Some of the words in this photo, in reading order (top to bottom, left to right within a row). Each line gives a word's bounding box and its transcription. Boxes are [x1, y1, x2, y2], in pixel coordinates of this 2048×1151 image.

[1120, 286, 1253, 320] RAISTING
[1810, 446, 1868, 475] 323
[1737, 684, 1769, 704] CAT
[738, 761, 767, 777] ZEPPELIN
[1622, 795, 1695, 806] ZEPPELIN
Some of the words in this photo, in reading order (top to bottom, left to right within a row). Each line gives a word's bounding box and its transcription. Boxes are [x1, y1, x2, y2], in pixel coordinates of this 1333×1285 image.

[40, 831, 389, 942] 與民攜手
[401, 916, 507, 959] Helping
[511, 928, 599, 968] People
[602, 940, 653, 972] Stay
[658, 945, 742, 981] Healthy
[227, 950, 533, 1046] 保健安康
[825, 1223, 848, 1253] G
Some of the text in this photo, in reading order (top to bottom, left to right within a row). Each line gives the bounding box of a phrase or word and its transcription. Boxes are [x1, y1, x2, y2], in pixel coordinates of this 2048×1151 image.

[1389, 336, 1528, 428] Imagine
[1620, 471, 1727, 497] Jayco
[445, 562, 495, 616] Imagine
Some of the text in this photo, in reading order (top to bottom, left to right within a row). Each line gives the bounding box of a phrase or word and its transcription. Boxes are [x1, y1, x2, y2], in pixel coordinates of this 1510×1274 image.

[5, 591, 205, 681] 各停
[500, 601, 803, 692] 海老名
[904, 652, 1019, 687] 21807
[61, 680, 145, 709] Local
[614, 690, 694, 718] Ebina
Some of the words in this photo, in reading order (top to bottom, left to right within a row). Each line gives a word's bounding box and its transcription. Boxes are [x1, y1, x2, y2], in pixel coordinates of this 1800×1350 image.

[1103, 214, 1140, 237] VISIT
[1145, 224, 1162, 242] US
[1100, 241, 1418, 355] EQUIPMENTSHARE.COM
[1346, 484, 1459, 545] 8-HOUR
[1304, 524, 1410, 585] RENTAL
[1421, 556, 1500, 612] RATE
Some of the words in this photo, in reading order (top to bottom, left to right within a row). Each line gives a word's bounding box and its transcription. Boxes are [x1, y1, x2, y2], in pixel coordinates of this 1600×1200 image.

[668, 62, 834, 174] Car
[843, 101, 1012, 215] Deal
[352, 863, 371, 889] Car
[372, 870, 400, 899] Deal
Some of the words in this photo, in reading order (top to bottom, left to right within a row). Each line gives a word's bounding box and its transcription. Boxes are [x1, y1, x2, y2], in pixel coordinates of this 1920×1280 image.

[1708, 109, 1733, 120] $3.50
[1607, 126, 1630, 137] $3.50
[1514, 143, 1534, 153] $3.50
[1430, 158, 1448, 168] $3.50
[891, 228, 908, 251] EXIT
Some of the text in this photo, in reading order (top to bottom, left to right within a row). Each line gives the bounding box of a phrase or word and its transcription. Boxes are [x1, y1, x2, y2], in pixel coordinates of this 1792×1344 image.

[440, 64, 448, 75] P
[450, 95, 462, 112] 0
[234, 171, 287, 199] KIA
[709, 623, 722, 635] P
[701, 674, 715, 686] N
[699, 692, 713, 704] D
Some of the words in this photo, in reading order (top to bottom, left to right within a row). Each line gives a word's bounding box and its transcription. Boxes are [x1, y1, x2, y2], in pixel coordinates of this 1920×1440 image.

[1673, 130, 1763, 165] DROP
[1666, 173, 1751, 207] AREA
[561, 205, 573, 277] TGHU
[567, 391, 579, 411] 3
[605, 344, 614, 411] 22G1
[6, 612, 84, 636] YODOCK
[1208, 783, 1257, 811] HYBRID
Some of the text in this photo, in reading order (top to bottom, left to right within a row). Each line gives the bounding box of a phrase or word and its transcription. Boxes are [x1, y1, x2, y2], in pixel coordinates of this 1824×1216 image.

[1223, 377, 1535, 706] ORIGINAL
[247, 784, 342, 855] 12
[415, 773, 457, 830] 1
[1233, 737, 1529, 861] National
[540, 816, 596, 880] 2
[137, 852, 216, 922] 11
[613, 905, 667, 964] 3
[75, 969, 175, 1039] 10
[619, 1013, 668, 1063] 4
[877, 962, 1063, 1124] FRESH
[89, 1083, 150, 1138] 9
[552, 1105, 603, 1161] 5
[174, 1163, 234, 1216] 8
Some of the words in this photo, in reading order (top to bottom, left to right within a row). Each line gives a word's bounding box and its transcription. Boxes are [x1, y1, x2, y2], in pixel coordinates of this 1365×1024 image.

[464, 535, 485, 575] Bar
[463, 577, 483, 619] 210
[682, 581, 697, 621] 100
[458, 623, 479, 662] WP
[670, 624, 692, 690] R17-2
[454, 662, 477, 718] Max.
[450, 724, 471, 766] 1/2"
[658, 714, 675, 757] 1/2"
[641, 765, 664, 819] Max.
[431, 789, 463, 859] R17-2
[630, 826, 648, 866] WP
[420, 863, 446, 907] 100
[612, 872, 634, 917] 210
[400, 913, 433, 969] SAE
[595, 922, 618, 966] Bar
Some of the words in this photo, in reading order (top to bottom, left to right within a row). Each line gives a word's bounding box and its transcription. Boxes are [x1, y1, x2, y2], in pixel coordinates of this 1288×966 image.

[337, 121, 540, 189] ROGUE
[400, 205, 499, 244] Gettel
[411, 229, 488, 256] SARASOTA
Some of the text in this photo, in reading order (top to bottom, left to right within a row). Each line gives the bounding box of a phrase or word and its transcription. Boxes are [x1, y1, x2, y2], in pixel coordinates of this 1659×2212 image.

● **Work task**
The data above should be copied exactly, with no line omitted.

● **Response box**
Some of the words in this photo, in reading order (top to bottom, left to right within a row). Each line gives a word's bounding box and its transcription. Boxes are [x1, y1, x2, y2], in pixel coordinates of this 2048×1151 image.

[1120, 286, 1253, 320] RAISTING
[1810, 446, 1868, 475] 323
[1737, 684, 1769, 704] CAT
[738, 761, 767, 777] ZEPPELIN
[1622, 795, 1695, 806] ZEPPELIN
Some of the words in this photo, in reading order (top to bottom, left to right within a row). Each line gives a word's bounding box and its transcription. Boxes are [x1, y1, x2, y2], in pixel coordinates of this 1333×1285 image.

[40, 831, 389, 942] 與民攜手
[401, 916, 507, 959] Helping
[511, 928, 599, 968] People
[602, 940, 653, 972] Stay
[658, 945, 742, 981] Healthy
[227, 950, 533, 1046] 保健安康
[825, 1223, 848, 1253] G
Some of the text in this photo, in reading order (top to bottom, left to right within a row). Each line gives the bounding box of a phrase or word and its transcription. Boxes are [x1, y1, x2, y2], in pixel coordinates of this 2048×1151 image.

[1389, 336, 1528, 428] Imagine
[1620, 471, 1727, 497] Jayco
[445, 562, 495, 616] Imagine
Some of the text in this photo, in reading order (top to bottom, left to right within a row). Each line gives the bounding box of a phrase or word and its transcription. Boxes are [x1, y1, x2, y2], in pixel coordinates of this 1510×1274 image.

[5, 591, 205, 681] 各停
[500, 601, 803, 692] 海老名
[904, 652, 1019, 687] 21807
[61, 680, 145, 709] Local
[614, 690, 694, 718] Ebina
Some of the words in this photo, in reading order (top to bottom, left to right within a row). Each line gives a word's bounding box and its transcription. Boxes are [x1, y1, x2, y2], in pixel coordinates of this 1800×1350 image.

[1103, 214, 1140, 237] VISIT
[1145, 224, 1162, 242] US
[1100, 241, 1418, 355] EQUIPMENTSHARE.COM
[1346, 484, 1459, 545] 8-HOUR
[1304, 524, 1410, 585] RENTAL
[1421, 556, 1500, 612] RATE
Some of the words in this photo, in reading order (top to bottom, left to right within a row). Each line gives a word's bounding box and its transcription. Boxes are [x1, y1, x2, y2], in pixel coordinates of this 1600×1200 image.

[668, 62, 834, 174] Car
[843, 101, 1012, 215] Deal
[352, 863, 371, 889] Car
[372, 870, 400, 899] Deal
Some of the words in this photo, in reading order (top to bottom, left to right within a row). Each line gives a word's bounding box and its transcription. Boxes are [x1, y1, x2, y2], in pixel coordinates of this 1920×1280 image.

[1708, 109, 1733, 120] $3.50
[1607, 126, 1630, 137] $3.50
[1514, 143, 1534, 153] $3.50
[1430, 158, 1448, 168] $3.50
[891, 228, 908, 251] EXIT
Some of the text in this photo, in reading order (top to bottom, left to right within a row). Each line gives the bounding box of a phrase or word and its transcription. Boxes are [x1, y1, x2, y2], in pixel coordinates of this 1792×1344 image.

[440, 64, 448, 75] P
[450, 95, 462, 112] 0
[234, 171, 287, 199] KIA
[709, 623, 722, 635] P
[701, 674, 715, 686] N
[699, 692, 713, 704] D
Some of the words in this photo, in reading order (top to bottom, left to right within a row). Each line gives a word's bounding box and its transcription. Boxes are [x1, y1, x2, y2], in pixel coordinates of this 1920×1440 image.

[1673, 130, 1763, 165] DROP
[1666, 173, 1751, 207] AREA
[561, 205, 573, 277] TGHU
[567, 391, 579, 411] 3
[605, 344, 614, 411] 22G1
[6, 612, 84, 636] YODOCK
[1208, 783, 1257, 811] HYBRID
Some of the text in this photo, in reading order (top to bottom, left to right within a row). Each line gives the bounding box of a phrase or word and its transcription. Boxes are [x1, y1, x2, y2], in pixel coordinates of this 1824×1216 image.

[1223, 377, 1535, 706] ORIGINAL
[247, 784, 342, 855] 12
[415, 773, 457, 830] 1
[1233, 737, 1529, 861] National
[540, 816, 596, 880] 2
[137, 852, 216, 922] 11
[613, 905, 667, 964] 3
[75, 969, 175, 1039] 10
[619, 1013, 668, 1063] 4
[877, 962, 1063, 1124] FRESH
[89, 1083, 150, 1138] 9
[552, 1105, 603, 1161] 5
[174, 1163, 234, 1216] 8
Some of the words in this photo, in reading order (top to bottom, left to right within a row). Each line gives a word's bounding box and its transcription. Boxes are [x1, y1, x2, y2], in pixel coordinates of this 1365×1024 image.

[464, 535, 485, 575] Bar
[463, 577, 483, 619] 210
[682, 581, 697, 621] 100
[458, 623, 479, 662] WP
[670, 624, 692, 690] R17-2
[454, 662, 477, 718] Max.
[450, 724, 471, 766] 1/2"
[658, 714, 675, 757] 1/2"
[641, 765, 664, 819] Max.
[431, 789, 463, 859] R17-2
[630, 826, 648, 866] WP
[420, 863, 446, 907] 100
[612, 872, 634, 917] 210
[400, 913, 433, 969] SAE
[595, 922, 618, 966] Bar
Some of the words in this photo, in reading order (top to bottom, left to right within a row). Each line gives a word's bounding box and its transcription. Boxes are [x1, y1, x2, y2], in pixel coordinates of this 1288×966 image.

[337, 121, 540, 189] ROGUE
[400, 205, 499, 244] Gettel
[411, 229, 488, 256] SARASOTA
Some of the text in this photo, in reading order (top to bottom, left to right within a row). Each line gives the bounding box of a phrase or word and its transcription. Boxes are [x1, y1, x2, y2], in pixel coordinates of this 1659×2212 image.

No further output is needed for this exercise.